DADA2 ASVs pipeline, 16S 

This example data analyses follows DADA2 ASVs workflow as implemented in PipeCraft2’s pre-compiled pipelines panel.

Download example data set here (35.1 Mb) and unzip it.

This is mothur MiSeq SOP example data set.

Starting point

This example dataset consists of 16S rRNA gene V4 amplicon sequences:

paired-end Illumina MiSeq data;
demultiplexed set (per-sample fastq files);
indexes and primers have already been removed;
sequences in this set are 5’-3’ (fwd) oriented.

when working with your own data …

… then please check that the paired-end data file names contain R1 and R2 strings (not just _1 and _2), so that PipeCraft can correctly identify the paired-end reads.

Example:
F3D0_S188_L001_R1_001.fastq
F3D0_S188_L001_R2_001.fastq

At least 2 samples (2x R1 + 2x R2 files) are required for this workflow! Otherwise ERROR in the denoising step:

To select DADA2 pipeline, press

SELECT PIPELINE –> DADA" ASVs.

To select input data, press SELECT WORKDIR
and specify
sequence files extension as *.fastq;
sequencing read types as paired-end.
and navigate to the working directory MiSeq_SOP (note the in Windows, the directory files are not displayed).

Workflow mode

Because we are working with sequences that are 5’-3’ oriented, we are selecting hte PAIRED-END FORWARD mode of the pipeline.

if sequences are in mixed orientation

If some sequences in your library are in 5’-3’ and some as 3’-5’ orientation, then with the ‘PAIRED-END FORWARD’ mode exactly the same ASV may be reported twice, where one ASV is just the reverse complementary of another. To avoid that, select PAIRED-END MIXED mode. Sequences have mixed orientation in libraries where sequenceing adapters have been ligated, rather than attached to amplicons during PCR.

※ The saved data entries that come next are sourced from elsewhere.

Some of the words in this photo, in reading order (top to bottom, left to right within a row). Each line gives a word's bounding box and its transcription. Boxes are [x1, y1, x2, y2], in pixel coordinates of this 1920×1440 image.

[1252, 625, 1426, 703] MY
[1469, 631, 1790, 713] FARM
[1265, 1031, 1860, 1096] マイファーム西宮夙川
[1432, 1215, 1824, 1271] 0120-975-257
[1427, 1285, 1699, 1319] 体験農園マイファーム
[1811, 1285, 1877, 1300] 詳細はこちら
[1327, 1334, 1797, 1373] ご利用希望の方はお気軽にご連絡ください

Specifying primers (for CUT PRIMERS) is mandatory for the PAIRED-END MIXED mode. Based on the priemr sequences, the library will be split into two: 1) fwd oriented sequences, and 2) rev oriented sequences. Both batches are processed independently to produce ASVs, after which the rev oriented batch ASVs are reverse complemented and merged with the fwd oriented ASVs. Identical ASVs are merged to form a final data set. This is a reccomended workflow for accurate denoising compared with first reorienting all sequences to 5’-3’, and then performing a standard ‘PAIRED-END FORWARD’ workflow.

Cut primers

The example dataset has primers already clipped, so here we are skipping this process.

when working with your own data …

… and you need to clip primers, then check the box for CUT PRIMERS and specify the PCR primers. You may specify add up to 13 primer pairs. Check cut primers page.

Quality filtering

Before adjusting quality filtering settings, let’s have a look on the quality profile of our example data set. Below quality profile plot was generated using QualityCheck panel (see here).

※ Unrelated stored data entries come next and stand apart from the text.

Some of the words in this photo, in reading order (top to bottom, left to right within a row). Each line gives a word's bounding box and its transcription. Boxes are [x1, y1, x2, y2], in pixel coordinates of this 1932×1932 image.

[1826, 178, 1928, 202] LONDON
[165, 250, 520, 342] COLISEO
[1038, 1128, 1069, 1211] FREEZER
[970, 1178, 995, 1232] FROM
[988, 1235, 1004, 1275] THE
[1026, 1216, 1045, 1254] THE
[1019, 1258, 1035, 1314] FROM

In this case, all R1 files are represented with green lines, indicating good average quality per file (i.e., sample). However, all R2 files are either yellow or red, indicating a drop in quality scores. Lower qualities of R2 reads are characteristic for Illumina sequencing data, and is not too alarming. DADA2 algoritm is robust to lower quality sequences, but removing the low quality read parts will improve the DADA2 sensitivity to rare sequence variants; so, let’s do some quality filtering.

Click on QUALITY FILTERING to expand the panel

Based on the quality scores distribution plot above, we will trim reads to specified length to remove low quality ends. Set truncLen to 240 for trimming R1 reads and truncLen R2 to 160 to trim R2 reads. Latter positions represent the approximate positions where sequence quality drops notably. Alternatively, you may use trimLeft and trimRight options to remove bases from the start and end of the reads, respectively. See also remove low-quality ends/starts of reads section.

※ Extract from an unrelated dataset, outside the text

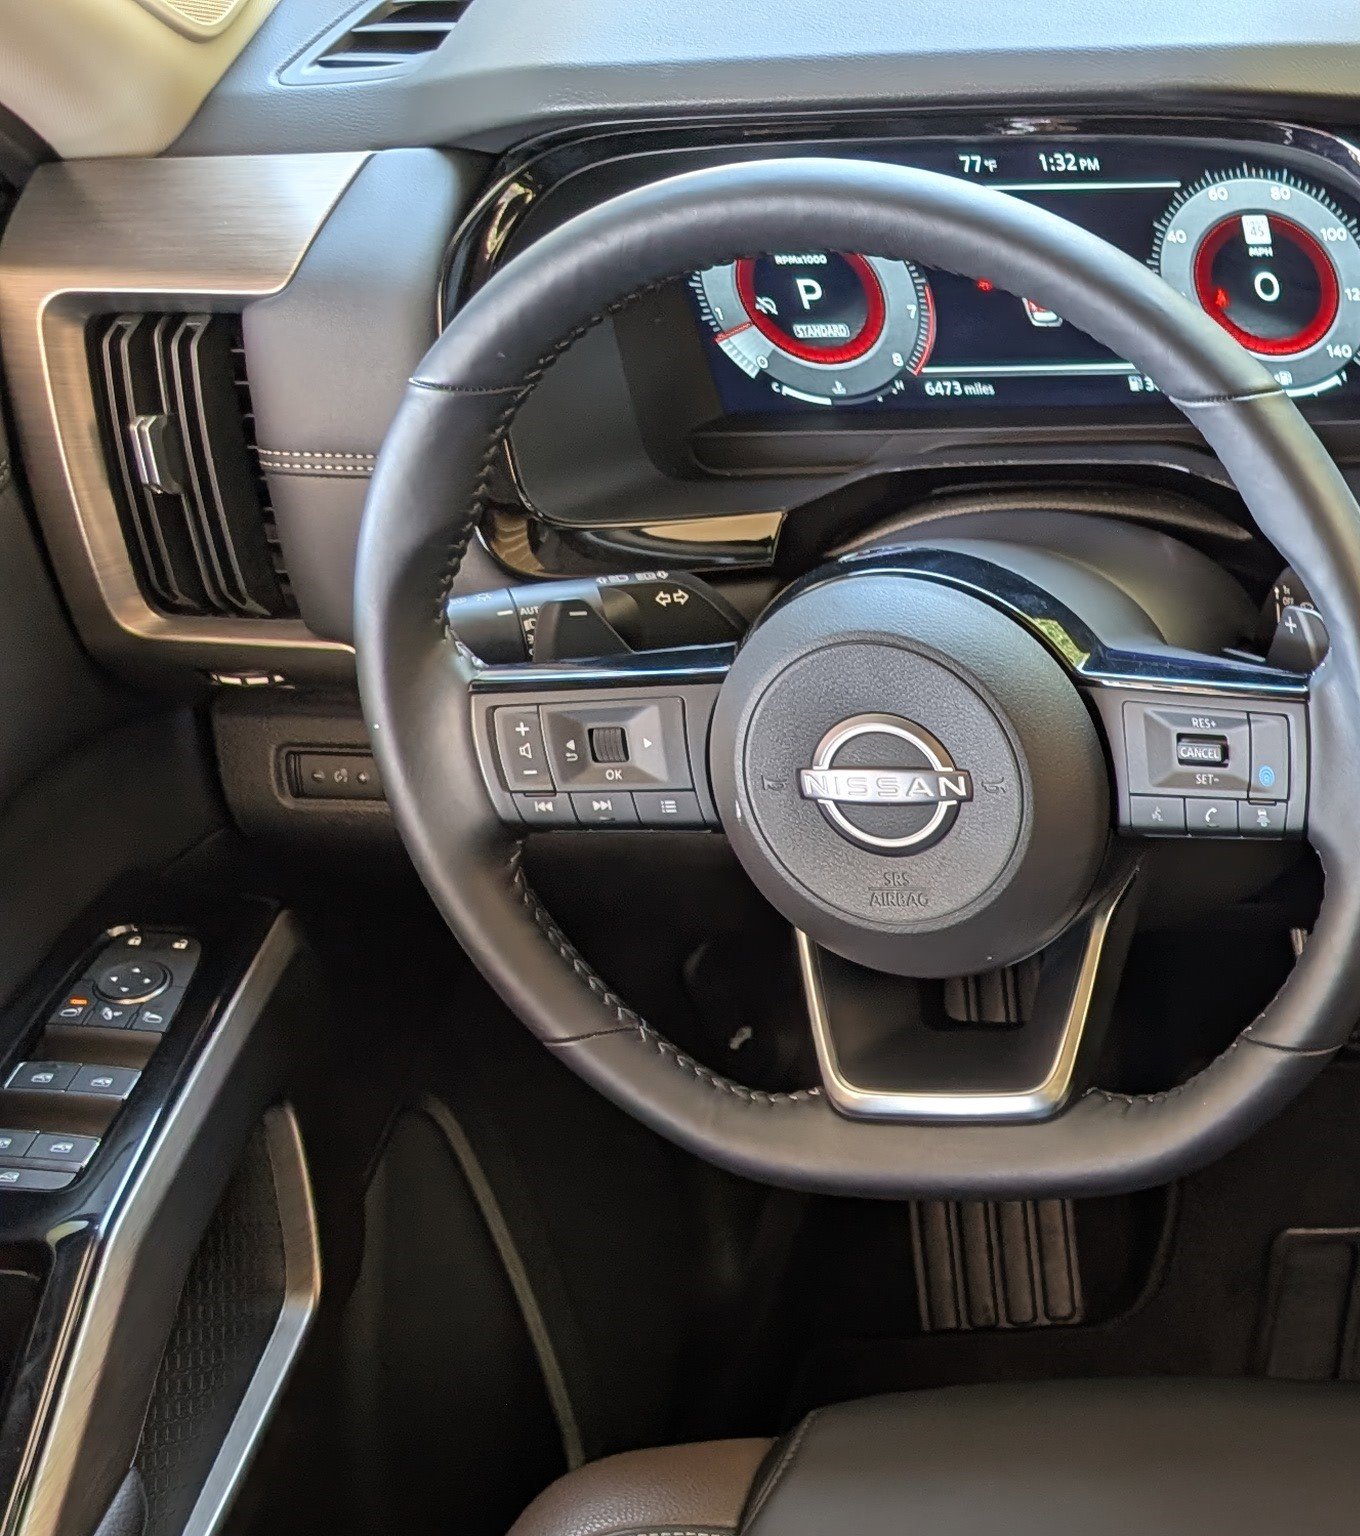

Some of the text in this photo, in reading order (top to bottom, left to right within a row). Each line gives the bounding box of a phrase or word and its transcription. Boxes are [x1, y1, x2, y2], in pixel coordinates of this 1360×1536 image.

when working with your own data …

… be sure to consider the amplicon length before applying truncLen options, so that R1 and R2 reads would still overlap for the MERGE PAIRS process. Non-overlapping paired-end reads will be discarded.

Here, we can leave other settings as DEFAULT.

Output directory `qualFiltered_out`
*.fastq	quality filtered sequences per sample in FASTQ format
*.rds	R objects for the following DADA2 workflow processes
seq_count_summary.csv	summary of sequence counts per sample

Denoise and merge pairs

This step performs desiosing (as implemented in DADA2), which first forms ASVs per R1 and R2 files. Then during merging/assembling process the paired ASV mates are assembled to output full amplicon length ASV.

Here, we are working with Illumina MiSeq data, so let’s make sure that the errorEstFun setting is loessErrfun. For PacBio data use PacBioErrfun. We can leave all settings as DEFAULT.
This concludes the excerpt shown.